L’avocat d’Elon Musk, Alex Spiro, a récemment envoyé une lettre au réalisateur Alex Gibney, l’accusant de diffamation et de diffusion de fausses informations au sujet d’un documentaire consacré à la vie du milliardaire. Selon des sources rapportées par le média People, l’avocat a menacé de poursuivre Gibney en justice.
Cette lettre représente également une mise en garde à tous ceux qui participent à la diffusion ou à la promotion du film, que ce soit Alex Gibney lui-même, la société de production Jigsaw, ou les diffuseurs tels que HBO, Bleecker Street et Universal.

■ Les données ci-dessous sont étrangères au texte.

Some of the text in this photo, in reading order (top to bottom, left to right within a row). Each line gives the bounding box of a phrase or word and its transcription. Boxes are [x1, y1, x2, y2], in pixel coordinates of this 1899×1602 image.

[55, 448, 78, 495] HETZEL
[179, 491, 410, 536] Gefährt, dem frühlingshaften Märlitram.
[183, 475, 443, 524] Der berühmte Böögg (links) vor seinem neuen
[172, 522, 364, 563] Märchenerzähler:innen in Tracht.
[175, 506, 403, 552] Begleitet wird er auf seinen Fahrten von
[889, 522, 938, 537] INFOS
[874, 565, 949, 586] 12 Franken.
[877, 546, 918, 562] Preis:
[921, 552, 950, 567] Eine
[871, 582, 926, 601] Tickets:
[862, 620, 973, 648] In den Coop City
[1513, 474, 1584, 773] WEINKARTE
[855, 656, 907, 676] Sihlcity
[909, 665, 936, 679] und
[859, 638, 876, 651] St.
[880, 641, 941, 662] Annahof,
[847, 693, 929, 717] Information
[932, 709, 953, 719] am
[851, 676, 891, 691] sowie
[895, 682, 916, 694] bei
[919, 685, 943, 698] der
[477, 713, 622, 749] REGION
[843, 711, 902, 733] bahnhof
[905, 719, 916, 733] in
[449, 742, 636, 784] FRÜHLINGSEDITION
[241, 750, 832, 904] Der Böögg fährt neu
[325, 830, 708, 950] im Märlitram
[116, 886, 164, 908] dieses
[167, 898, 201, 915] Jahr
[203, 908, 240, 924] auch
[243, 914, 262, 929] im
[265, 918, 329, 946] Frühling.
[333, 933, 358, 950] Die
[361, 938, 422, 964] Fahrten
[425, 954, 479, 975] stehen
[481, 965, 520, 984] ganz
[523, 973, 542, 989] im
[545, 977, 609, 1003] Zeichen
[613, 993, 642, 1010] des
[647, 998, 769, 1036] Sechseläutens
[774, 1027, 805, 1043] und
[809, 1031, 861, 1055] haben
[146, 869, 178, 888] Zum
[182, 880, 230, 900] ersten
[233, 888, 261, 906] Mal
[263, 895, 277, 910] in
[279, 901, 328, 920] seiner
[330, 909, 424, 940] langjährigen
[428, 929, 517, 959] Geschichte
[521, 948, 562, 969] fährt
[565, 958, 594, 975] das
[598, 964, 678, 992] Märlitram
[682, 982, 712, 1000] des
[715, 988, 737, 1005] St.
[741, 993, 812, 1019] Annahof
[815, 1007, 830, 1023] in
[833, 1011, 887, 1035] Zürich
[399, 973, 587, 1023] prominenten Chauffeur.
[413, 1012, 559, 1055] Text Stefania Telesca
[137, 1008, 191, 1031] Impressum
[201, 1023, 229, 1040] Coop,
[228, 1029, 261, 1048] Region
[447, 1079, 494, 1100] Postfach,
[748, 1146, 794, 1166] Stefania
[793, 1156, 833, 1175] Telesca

Alex Gibney’s four-hour documentary « Musk » on the stock promotion behind $TSLA received a four-minute standing ovation at its premiere today, with some critics calling it Gibney’s most important work to date. @alexgibneyfilm, you should’ve asked me for the #Teslanos front cover. pic.twitter.com/98uvm9sVP5
— Situational Bearrorist Yolo Vision Fund LLC (@yoloption) September 8, 2026
Une lettre qui dénonce une enquête biaisée
Dans une lettre datée du 3 septembre 2026, Alex Spiro reproche à Alex Gibney d’avoir orienté son documentaire en fonction de conclusions déjà établies, négligeant ainsi une investigation objective. « Ce projet n’a pas été initié comme une enquête, mais comme une conclusion préexistante », s’exprime Alex Spiro. Il souligne également que l’équipe du documentaire a refusé de s’engager dans un dialogue, malgré les multiples tentatives de son équipe juridique pour entrer en contact.
Le documentaire, d’une durée de quatre heures, a été primé lors de sa première au Festival du film de Venise le 8 septembre 2026. Il retrace le parcours d’Elon Musk, originaire d’Afrique du Sud, devenu entrepreneur emblématique de la Silicon Valley dans les années 2000, avant de devenir le premier trillionnaire de l’histoire. Le film aborde également ses années de jeunesse et sa relation avec ses 14 enfants.
Une séquence en particulier suscite l’indignation d’Alex Spiro. Ashley St. Clair, ancienne influenceuse conservatrice et ex-compagne d’Elon Musk, y déclare que le milliardaire affichait un « degré de certitude » inégalé concernant la victoire de Donald Trump. Elle présente également un message texte dans lequel Musk évoque la présence de dix mille lasers dans l’espace, tout en restant floue sur un éventuel lien avec Starlink.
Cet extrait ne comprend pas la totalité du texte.